### HOW TO COMPLETE THIS TASK
Give every line of the data again, exactly.
*** DATA FOR THIS TASK ***
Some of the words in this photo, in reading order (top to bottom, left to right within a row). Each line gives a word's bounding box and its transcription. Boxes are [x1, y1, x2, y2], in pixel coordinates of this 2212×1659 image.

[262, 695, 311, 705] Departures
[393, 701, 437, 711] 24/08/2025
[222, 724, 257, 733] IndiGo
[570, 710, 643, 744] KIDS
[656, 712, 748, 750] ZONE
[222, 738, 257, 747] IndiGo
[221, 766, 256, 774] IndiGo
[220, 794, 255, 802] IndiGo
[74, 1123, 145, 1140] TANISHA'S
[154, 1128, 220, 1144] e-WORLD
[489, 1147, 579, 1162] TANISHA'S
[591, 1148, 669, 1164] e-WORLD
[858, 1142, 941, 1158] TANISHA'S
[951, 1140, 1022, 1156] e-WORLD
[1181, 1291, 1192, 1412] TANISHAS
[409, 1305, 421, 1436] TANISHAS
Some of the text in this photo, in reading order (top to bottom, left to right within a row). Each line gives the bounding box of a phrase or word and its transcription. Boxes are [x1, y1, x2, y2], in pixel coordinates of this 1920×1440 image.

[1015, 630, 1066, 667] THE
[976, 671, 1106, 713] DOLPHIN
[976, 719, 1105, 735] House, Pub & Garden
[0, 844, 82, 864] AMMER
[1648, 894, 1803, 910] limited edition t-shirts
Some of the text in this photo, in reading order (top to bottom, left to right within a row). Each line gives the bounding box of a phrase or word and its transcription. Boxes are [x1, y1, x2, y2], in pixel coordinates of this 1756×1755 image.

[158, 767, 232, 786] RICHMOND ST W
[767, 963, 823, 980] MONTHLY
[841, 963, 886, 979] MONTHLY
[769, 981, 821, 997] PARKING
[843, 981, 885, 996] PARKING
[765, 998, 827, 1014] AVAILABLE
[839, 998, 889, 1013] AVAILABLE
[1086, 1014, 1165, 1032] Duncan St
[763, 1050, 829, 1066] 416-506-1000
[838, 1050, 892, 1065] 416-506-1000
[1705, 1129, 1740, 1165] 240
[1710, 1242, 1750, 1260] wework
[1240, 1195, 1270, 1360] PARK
***
### ANSWER FOR THE TASK
Some of the words in this photo, in reading order (top to bottom, left to right within a row). Each line gives a word's bounding box and its transcription. Boxes are [x1, y1, x2, y2], in pixel coordinates of this 2212×1659 image.

[262, 695, 311, 705] Departures
[393, 701, 437, 711] 24/08/2025
[222, 724, 257, 733] IndiGo
[570, 710, 643, 744] KIDS
[656, 712, 748, 750] ZONE
[222, 738, 257, 747] IndiGo
[221, 766, 256, 774] IndiGo
[220, 794, 255, 802] IndiGo
[74, 1123, 145, 1140] TANISHA'S
[154, 1128, 220, 1144] e-WORLD
[489, 1147, 579, 1162] TANISHA'S
[591, 1148, 669, 1164] e-WORLD
[858, 1142, 941, 1158] TANISHA'S
[951, 1140, 1022, 1156] e-WORLD
[1181, 1291, 1192, 1412] TANISHAS
[409, 1305, 421, 1436] TANISHAS
Some of the text in this photo, in reading order (top to bottom, left to right within a row). Each line gives the bounding box of a phrase or word and its transcription. Boxes are [x1, y1, x2, y2], in pixel coordinates of this 1920×1440 image.

[1015, 630, 1066, 667] THE
[976, 671, 1106, 713] DOLPHIN
[976, 719, 1105, 735] House, Pub & Garden
[0, 844, 82, 864] AMMER
[1648, 894, 1803, 910] limited edition t-shirts
Some of the text in this photo, in reading order (top to bottom, left to right within a row). Each line gives the bounding box of a phrase or word and its transcription. Boxes are [x1, y1, x2, y2], in pixel coordinates of this 1756×1755 image.

[158, 767, 232, 786] RICHMOND ST W
[767, 963, 823, 980] MONTHLY
[841, 963, 886, 979] MONTHLY
[769, 981, 821, 997] PARKING
[843, 981, 885, 996] PARKING
[765, 998, 827, 1014] AVAILABLE
[839, 998, 889, 1013] AVAILABLE
[1086, 1014, 1165, 1032] Duncan St
[763, 1050, 829, 1066] 416-506-1000
[838, 1050, 892, 1065] 416-506-1000
[1705, 1129, 1740, 1165] 240
[1710, 1242, 1750, 1260] wework
[1240, 1195, 1270, 1360] PARK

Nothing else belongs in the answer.